As a Lamdaschool data science student, me along with other data science students was tasked to create a web app that would predict the success/failure of a Kickstarter campaign. It was a fun project to do and it felt great to create a fully functioning useful web app within just four days! Investing in a Kickstarter campaign is not risk free. If a campaign fails, the investors loose all the money. So, you have to look at a campaign to determine the possibility of the campaign being successful before putting your money on a campaign. Only if there was someone who has a great intuition of determining which one’s will succeed! Lucky for you our app can do exactly that.
We have taken the data of all the Kickstarter campaigns from a website named Web Robots Which contains all the information we needed to create a predictive model, that would facilitate our app with the power to predict the success/failure of a Kickstarter campaign based on some features of the given campaign.

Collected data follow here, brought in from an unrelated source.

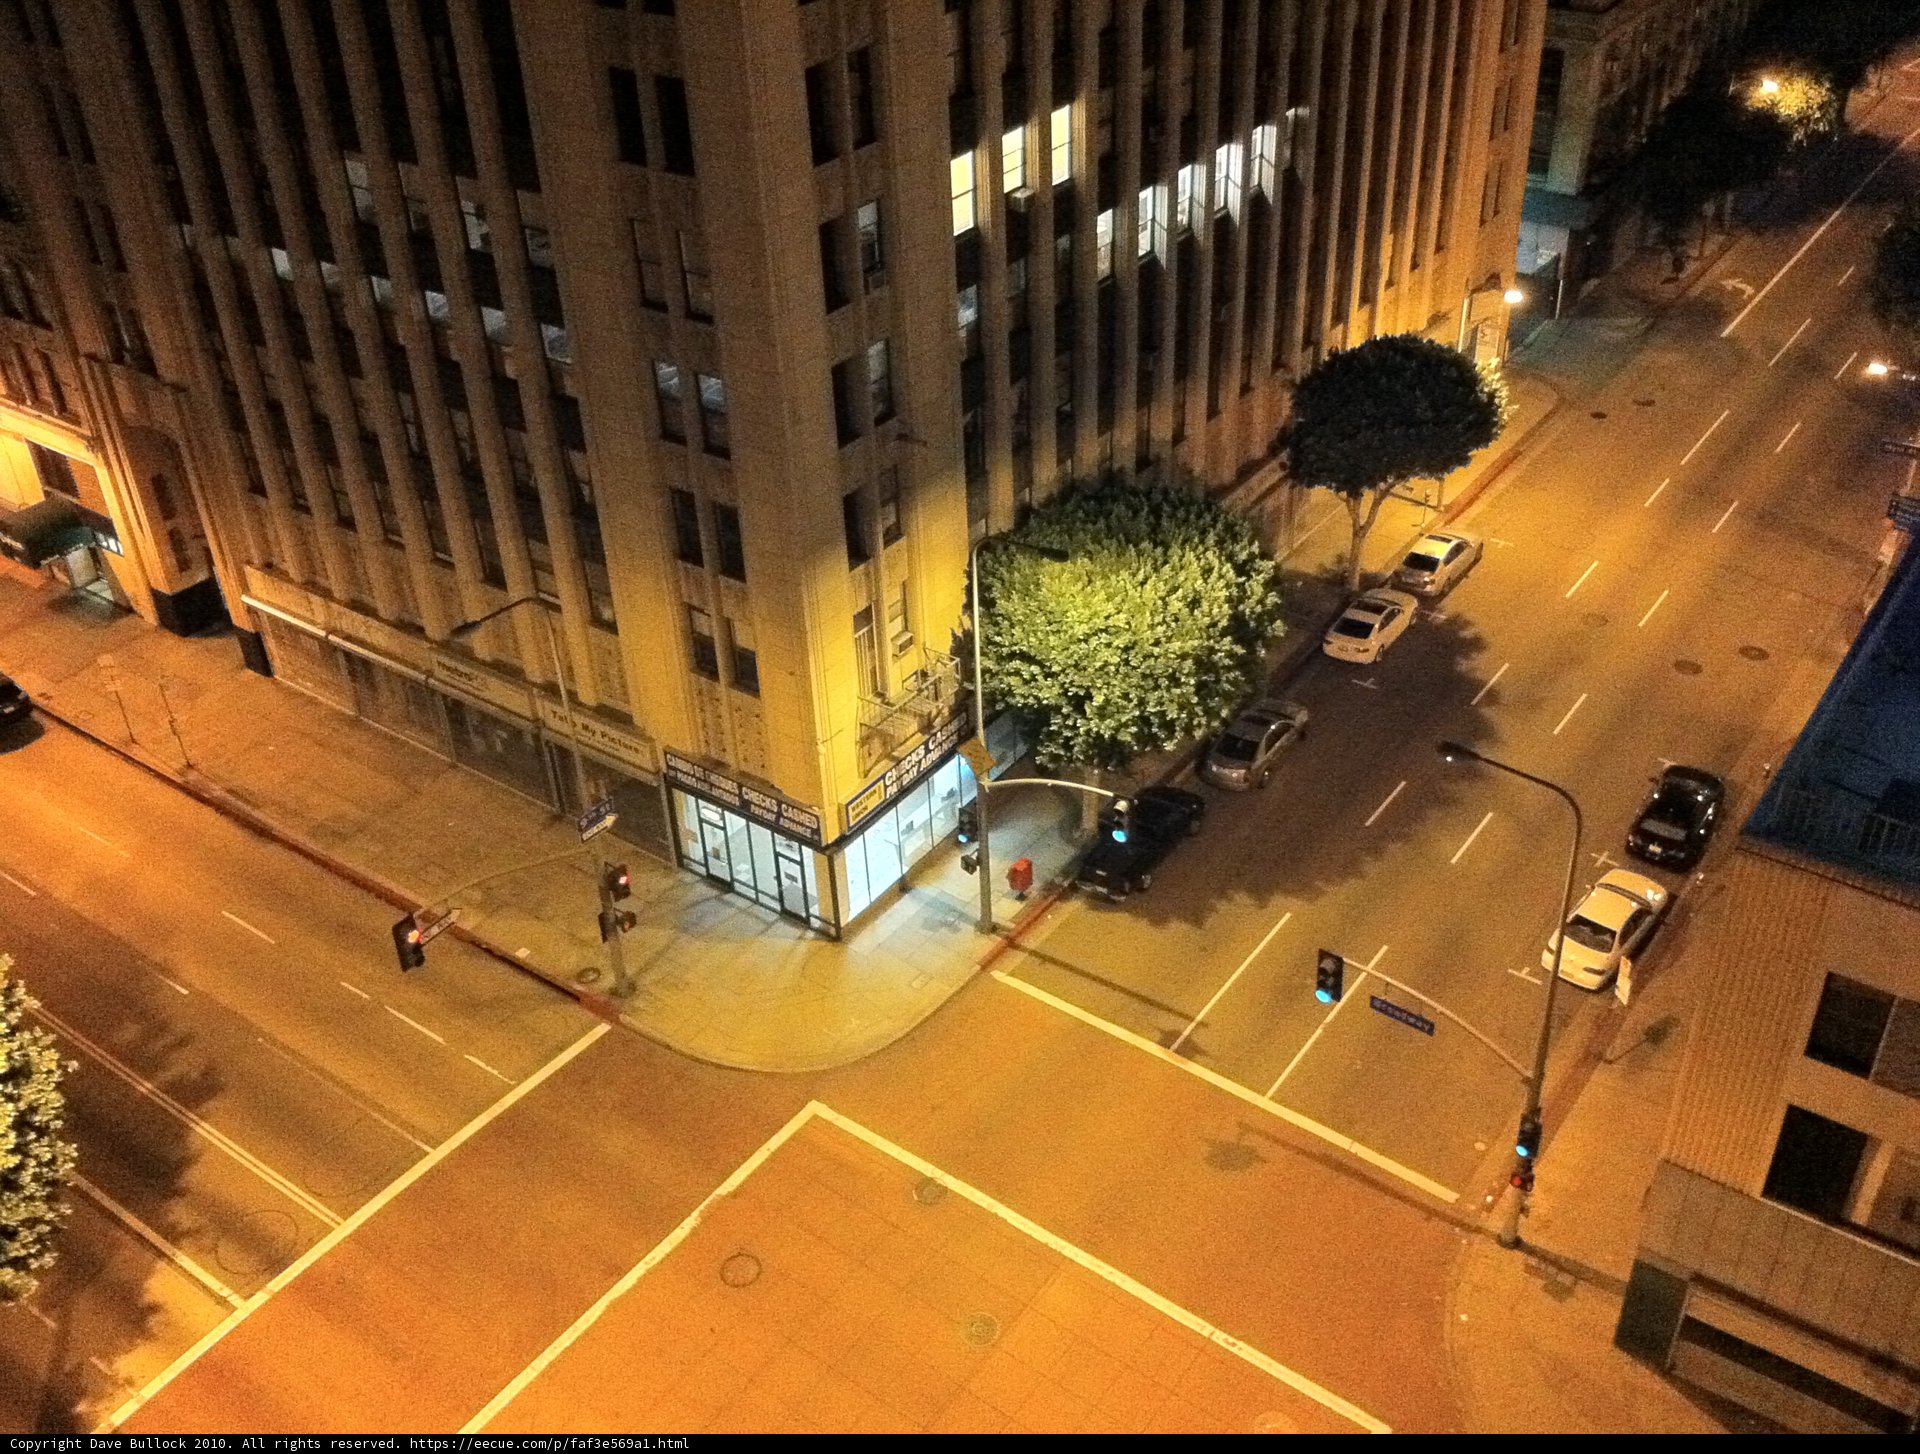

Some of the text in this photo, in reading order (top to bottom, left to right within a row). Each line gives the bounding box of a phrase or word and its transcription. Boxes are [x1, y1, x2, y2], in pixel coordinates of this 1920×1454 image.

[582, 722, 596, 737] My
[601, 731, 639, 754] Picture
[885, 712, 967, 786] CHECKS CASHED
[920, 732, 959, 771] ADVANCE
[741, 786, 778, 813] CHECKS
[781, 803, 818, 830] CASHED
[851, 789, 877, 813] WESTERN
[779, 817, 812, 838] ADVANCE

The features we used to create our model was:
• Category
• Description length
• Campaign goal (in USD)
• Campaign length (days)
• Staff pick
Exploring the datasets, we found out that out of 209,445 Kickstarter campaigns:
• 121,651 were successful
• 73,683 failed
• 8,904 were cancelled
• 5,207 are live
After some more Exploratory data analysis, we Used “Random Forest Classifier” to create our predictive model which gave us around 75.3% test accuracy which we were pretty satisfied with considering how many different variables can affect the success of a campaign which makes creating a super accurate model impossible.
To use our predictive model, we developed a Flask app which allows you to put the features as input and spit out the probability of your campaign being successful.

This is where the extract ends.